Mirando por el foro, (en la parte del concurso), me he encontrado con este video de Jordi Casals http://www.youtube.com/watch?v=kv9KpJdWAYY, y si os digo la verdad me he quedado flipando. Bueno, a lo que iba, queria saber en que libros o donde salen todas las tecnicas que utiliza. 

Saludos, Alex

----------


## mpot27

Es un DVD llamado " The New floating rose"de Kevin James.
Un saludo

----------


## alexedy

Era justo ese, muchas gracias

----------


## Ravenous

Un dia de estos, me voy a vestir de mago enmascarado, y voy revelar todos estos juegos por los que toooodo el mundo pregunta, y me voy a aseagurar de que se emita en prime-time, a ver si así la gente busca algo distinto para hacer...

----------


## alexedy

> Un dia de estos, me voy a vestir de mago enmascarado, y voy revelar todos estos juegos por los que toooodo el mundo pregunta, y me voy a aseagurar de que se emita en prime-time, a ver si así la gente busca algo distinto para hacer...


¿Por que es malo preguntar por estos juegos?, aqui no todo el mundo es experto.

----------


## Ravenous

No es malo, pero es cansado y triste ver como todo el mundo quiere hacer los mismo juegos. Así, me he encontrado gente harta de la magia, porque todos los magos que ha visto hacen aproximadamente lo mismo, y no creo creo yo que eso sea bueno.
Ojo, no digo que no esté bien culturizarse y eso, pero la impresión que me da que se pregunte siempre lo mismo es esa, que todos quieren hacer lo mismo.

Conste que es un comentario lanzado al aire, sin dirigirme a nadie en concreto, con el único objetivo de que quien lo coja, lo reflexione.

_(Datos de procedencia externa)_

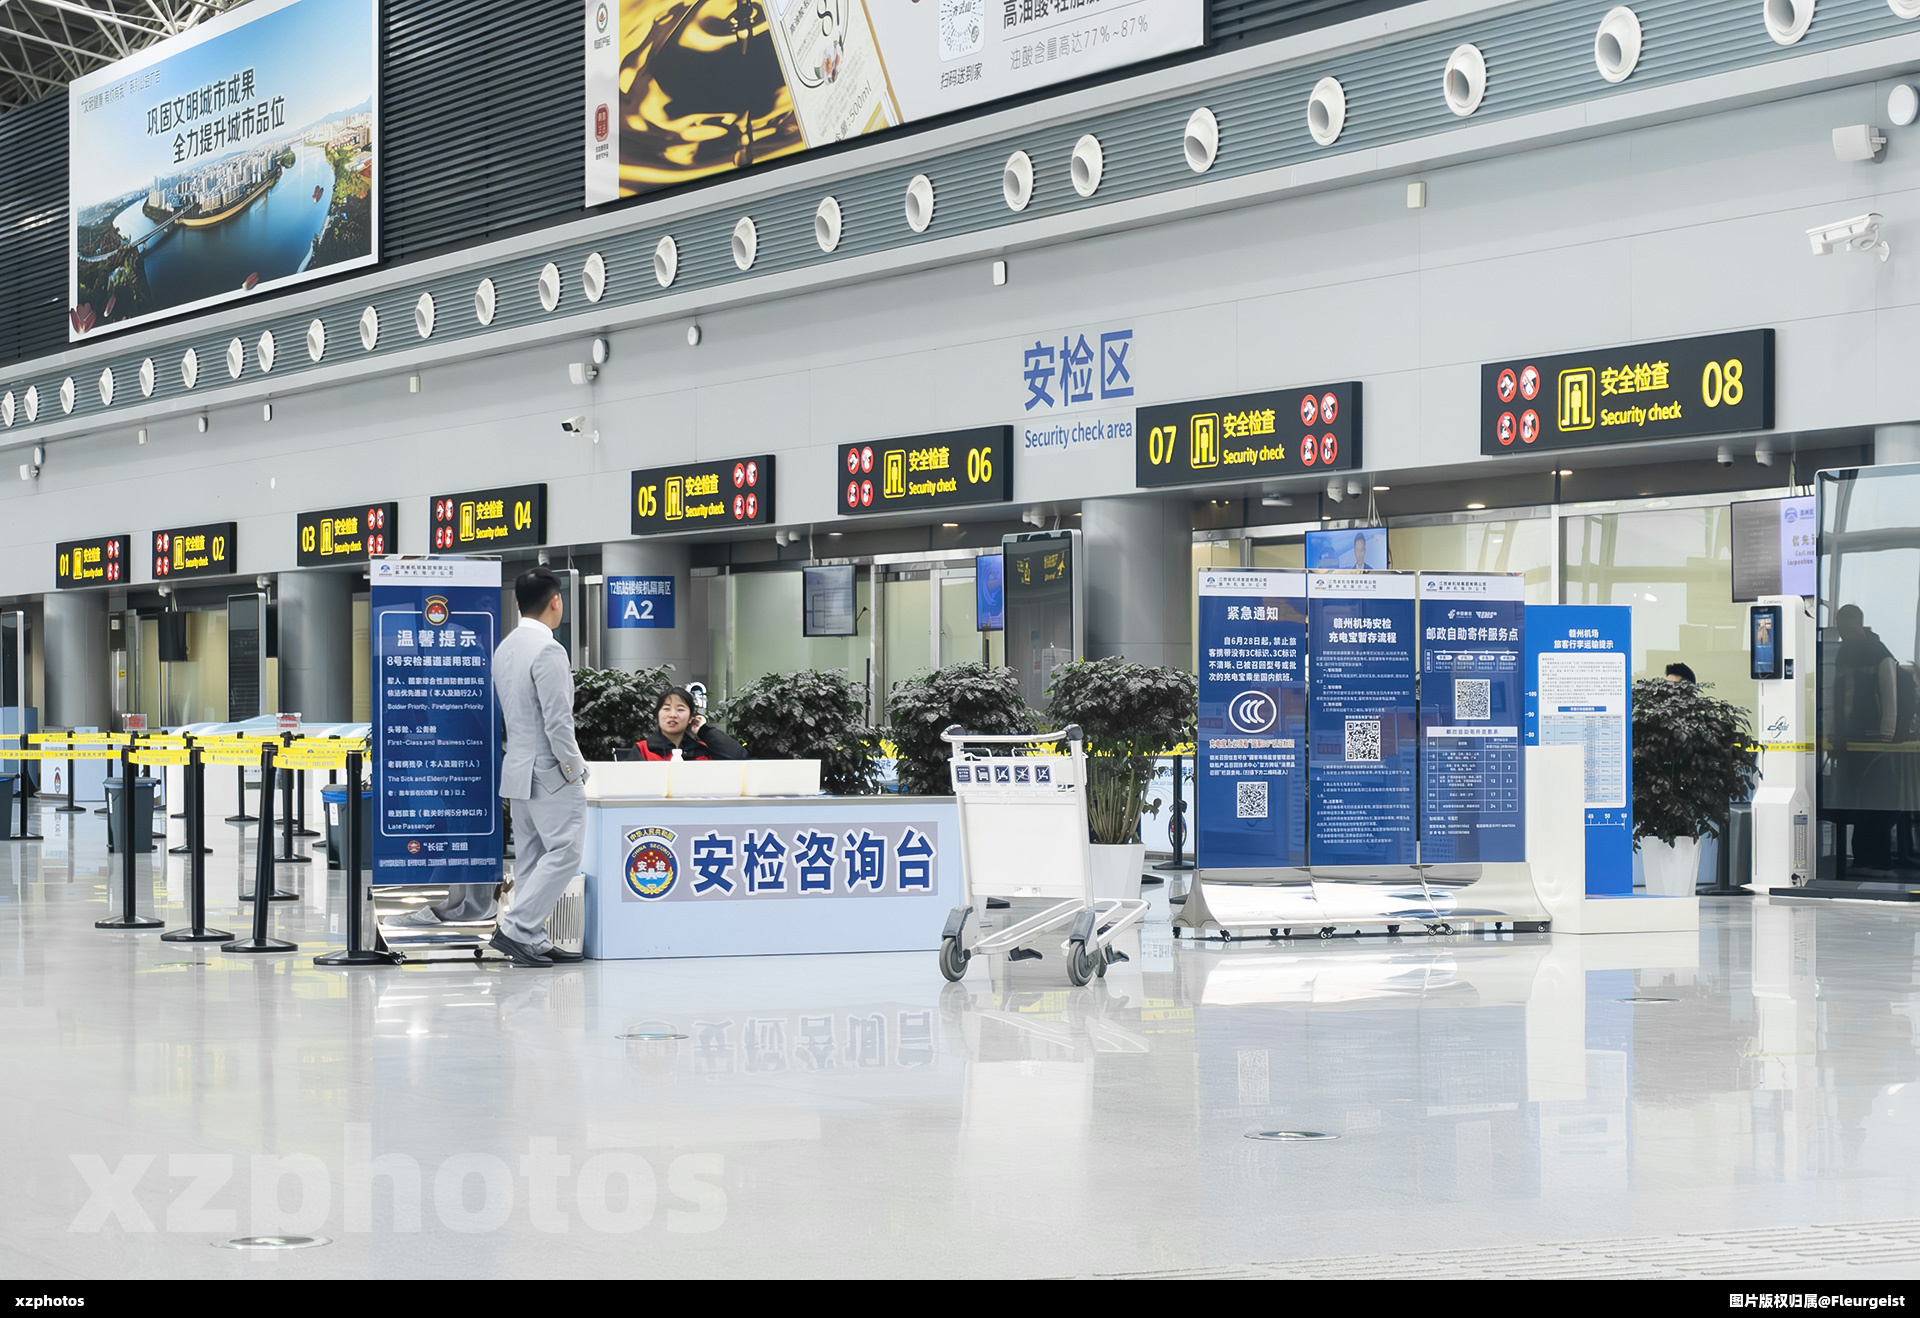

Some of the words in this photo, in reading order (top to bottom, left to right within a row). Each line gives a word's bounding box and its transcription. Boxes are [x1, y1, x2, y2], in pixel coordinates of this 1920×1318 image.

[940, 63, 983, 90] 扫码送到家
[147, 68, 256, 137] 巩固文明城市成果
[173, 96, 285, 164] 全力提升城市品位
[1024, 329, 1135, 411] 安检区
[1600, 360, 1670, 397] 安全检查
[1702, 358, 1744, 408] 08
[1223, 409, 1276, 438] 安全检查
[1600, 404, 1646, 429] Security
[1647, 400, 1682, 421] check
[1024, 424, 1069, 449] Security
[1071, 419, 1105, 443] check
[1105, 421, 1133, 440] area
[1149, 425, 1177, 465] 07
[909, 446, 950, 472] 安全检查
[967, 447, 992, 484] 06
[1223, 448, 1257, 467] Security
[1259, 444, 1285, 461] check
[685, 475, 719, 497] 安全检查
[909, 480, 935, 497] Security
[936, 477, 957, 494] check
[476, 500, 504, 520] 安全检查
[638, 485, 657, 517] 05
[685, 503, 707, 519] Security
[707, 501, 725, 517] check
[514, 500, 531, 530] 04
[334, 517, 358, 536] 安全检查
[476, 527, 494, 541] Security
[495, 526, 508, 538] check
[185, 535, 206, 552] 安全检查
[212, 536, 225, 562] 02
[302, 526, 315, 552] 03
[334, 542, 350, 555] Security
[350, 540, 362, 552] check
[59, 553, 69, 577] 01
[624, 600, 654, 619] A2
[1227, 606, 1279, 620] 紧急通知
[1333, 617, 1392, 629] 赣州机场安检
[1426, 627, 1519, 641] 邮政自助寄件服务点
[1568, 629, 1599, 638] 赣州机场
[397, 630, 477, 647] 温馨提示
[1328, 632, 1397, 643] 充电宝暂存流程
[1553, 639, 1614, 649] 旅客行李运输提示
[427, 775, 449, 783] Elderly
[449, 775, 482, 783] Passenger
[402, 823, 436, 831] Passenger
[631, 845, 647, 858] CHINA
[649, 843, 673, 859] SECURITY
[693, 830, 935, 894] 安检咨询台
[637, 860, 666, 871] 安检
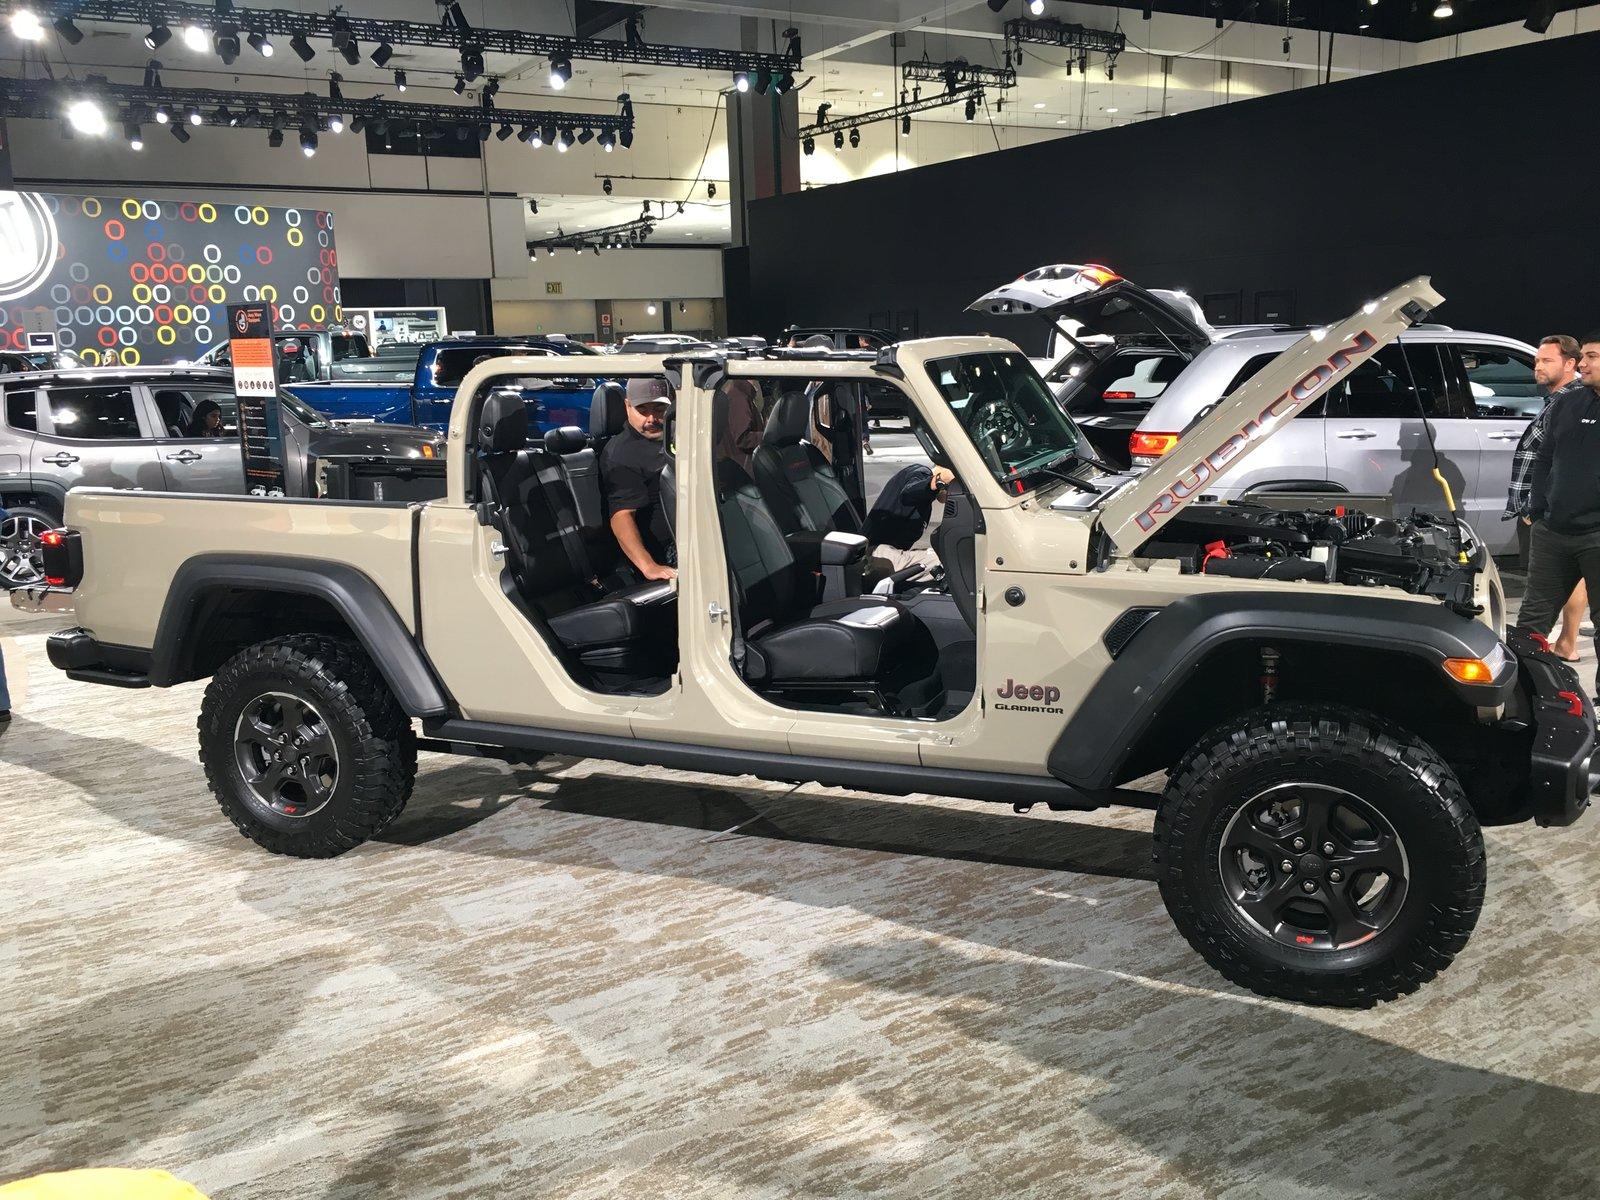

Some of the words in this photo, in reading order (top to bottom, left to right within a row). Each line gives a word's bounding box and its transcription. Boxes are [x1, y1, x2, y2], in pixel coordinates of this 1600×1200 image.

[546, 281, 563, 295] EXIT
[1133, 329, 1377, 532] RUBICON
[996, 678, 1061, 706] Jeep
[994, 703, 1065, 715] GLADIATOR

(y a la pregunta que a mas de uno le surgirá en la cabeza respondo, no, en mi repertorio no tengo casi ningún juego que haga otro mago cercano, de hecho, pocos de mis juegos se los he visto a nadie nunca)

----------


## Iban

Pues ya me gustaría verte con máscara... ¿para cuándo el primer capítulo?

: - p

----------


## Rafa Salas

jajaja esta bien tu opinión Raven. Pero encuentro que igual hay que culturizarse... el chico no esta diciendo que lo desea presentar ni nada. Hay mil cosas que nosotros los magos estudiamos y nunca las presentamos.. yo creo que es un tema mas bien de cultura.
saludos.  :Wink1:

----------


## Ravenous

Al margen de todo esto, añado que este juego en concreto es más bien para magia de salón.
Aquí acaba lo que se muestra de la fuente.